A very fine mesh model simulation of the Ocean Ranger storm of February 1982 is used to study the thermal structure and airflow in an intense marine cyclone. In particular, the study investigates the structures of the occluded front and the secluded pool of warm air in the simulated cyclone and examines the formation of these structures with the help of a large number of air trajectories. It was found that in the model simulation the largest thermal gradient occurred along the occluded front, not along the warm or cold fronts, and that the intense gradient was a product of strong warm and occludofrontogenesis in the inflowing air. The occluded front was embedded within air that was earlier located within the baroclinic zone ahead of the low center, not air that was in proximity to the historical warm and cold fronts. The warm air in the seclusion likewise originated in the baroclinic zone ahead of the low. The seclusion at low levels resulted from a tongue of slower moving, relatively warm air being pinched off by colder, more rapidly moving air that circulated about the low center from front to rear.

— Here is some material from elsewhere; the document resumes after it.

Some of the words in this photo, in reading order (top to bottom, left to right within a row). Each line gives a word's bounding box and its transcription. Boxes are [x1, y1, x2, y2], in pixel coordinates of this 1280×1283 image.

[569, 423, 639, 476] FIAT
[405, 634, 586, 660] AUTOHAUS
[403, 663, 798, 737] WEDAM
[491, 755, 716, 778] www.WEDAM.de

Major features of the simulated airflow were 1) a cloud-producing flow that rose from the downstream boundary layer and spread out in a fan-shaped pattern, forming the familiar book-shaped cloud signature of the mature cyclone, and 2) an upper-level dry airstream that advanced on the system from the west (upstream), producing the dry slot commonly seen in satellite imagery over and ahead of the surface occlusion. Air in the dry slot amended rapidly over the occluded front but remained cloud-free because of earlier upstream subsidence and drying. The seclusion of warm air at middle levels was a consequence of a tongue of warm, but not tropical, air being pinched off by colder air from both the front and rear of the system.

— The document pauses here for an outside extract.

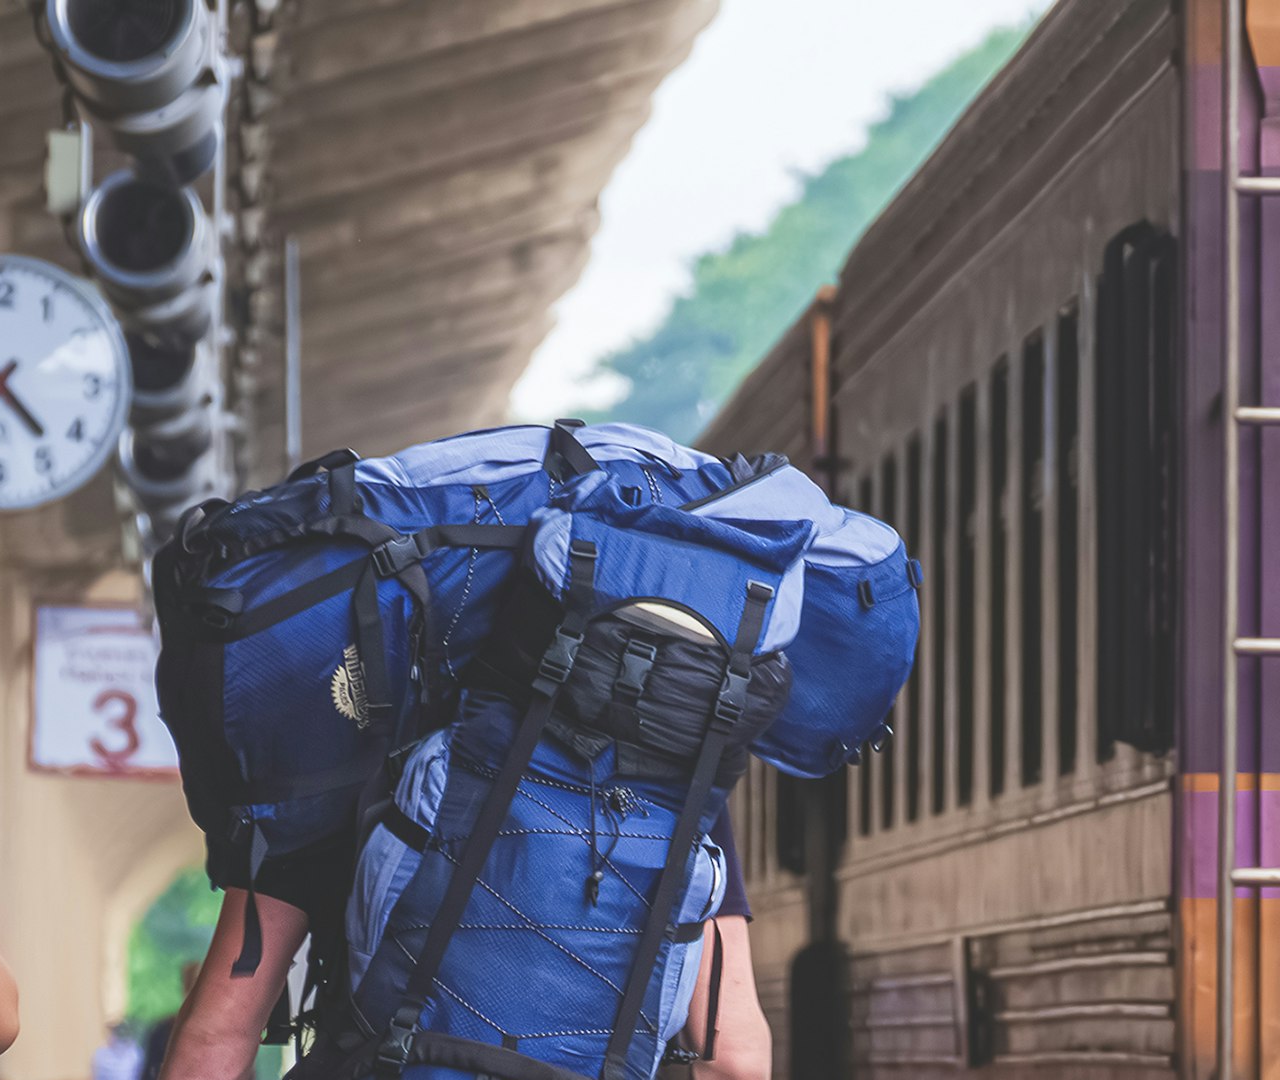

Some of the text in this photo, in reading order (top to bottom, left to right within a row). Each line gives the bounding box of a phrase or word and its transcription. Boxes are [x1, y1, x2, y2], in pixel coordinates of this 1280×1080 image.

[41, 296, 53, 322] 1
[67, 418, 83, 442] 4
[90, 688, 141, 761] 3

Detailed feature of the simulated storm that differed from the classical occlusion model were 1) the sharpness of the thermal gradient along the inner part of the occluded front, 2) the presence of a secluded pocket of warm air near the tail end of the occluded front, 3) the formation of the occluded front by frontogenesis in the baroclinic air mass ahead of the low rather than by a joining of the initial warm and cold fronts, 4) the trans-formation of the low-level occluded front to a warm front aloft without the existence of an intervening cold front, and 5) the lack of mid- and upper-level cloud above the occluded-warm front along much of its length. The fundamental occlusion process described in the Norwegian model, however, was verified. Warm air of widely ranging temperature was squeezed aloft by the sinking and spreading of colder air that encircled the low center.